ただ、目玉コンテンツであったはずの過去作御三家との旅がほぼ成立しないのは許せない。なんだよ3000BP×4って。シナリオ攻略中にそんなに集まる訳ないだろ。
番外編・キビキビパニック
パニックホラーをコメディテイストで描きつつ、主要キャラクターの良いところを存分に引き出した名シナリオ。
主人公宅訪問パートは、育ちが良いので主人公母を手伝うネモ、家族との付き合い方というものを知らないのでぎこちないペパー、社会不適合者ゆえ遠慮を知らないボタンと、三者三様の振舞いが面白かった。
ホームウェイ組とキタカミ組との絡みも、ネモ×スグリは「勝敗にかかわらずバトルを楽しむ者」vs「勝利のためだけにバトルをしてきた者」、ゼイユ×ボタンは「おもしれー女」vs「おもしれー女に無遠慮に毒舌を吐く女」と、それぞれの新しい関係性が見られて嬉しくなった。

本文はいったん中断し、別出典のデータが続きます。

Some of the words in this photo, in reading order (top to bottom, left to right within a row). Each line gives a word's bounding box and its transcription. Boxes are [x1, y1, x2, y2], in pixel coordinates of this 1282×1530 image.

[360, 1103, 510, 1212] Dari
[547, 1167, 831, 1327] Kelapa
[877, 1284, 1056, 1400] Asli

キビキビダンスについても、普段からおもしれー女なのを加速させるゼイユ、奇怪なダンスに照れがあって動きが小さいペパー、普段動かない癖にやたら激しく踊るボタン、バトルジャンキーの自我が強すぎてだいぶ残ってるネモと、キャラクターがにじみ出ていて楽しい。
まさしく番外編として非の打ち所のないキャラクター描写だった。
総評
DLC発表当初は、本編未回収の謎をDLCで回収するのだろうと思っていたが、蓋を開けてみれば新キャラとの物語が描かれた。世界観を縦に深掘りするのではなく、横に広げるような作品だった。しかし、キタカミ地方とブルーベリー学園という異なる舞台を冒険しながらも、スグリとゼイユの物語を描くという点では一貫しており、その点では縦の深掘りを見ることができた。
本編と合わせて主人公の「主人公」性について清濁の両面に触れつつ、最終的には綺麗にまとめられてスッキリした読後感なのがポケモンらしい。やはり『SV』はシナリオが良いな。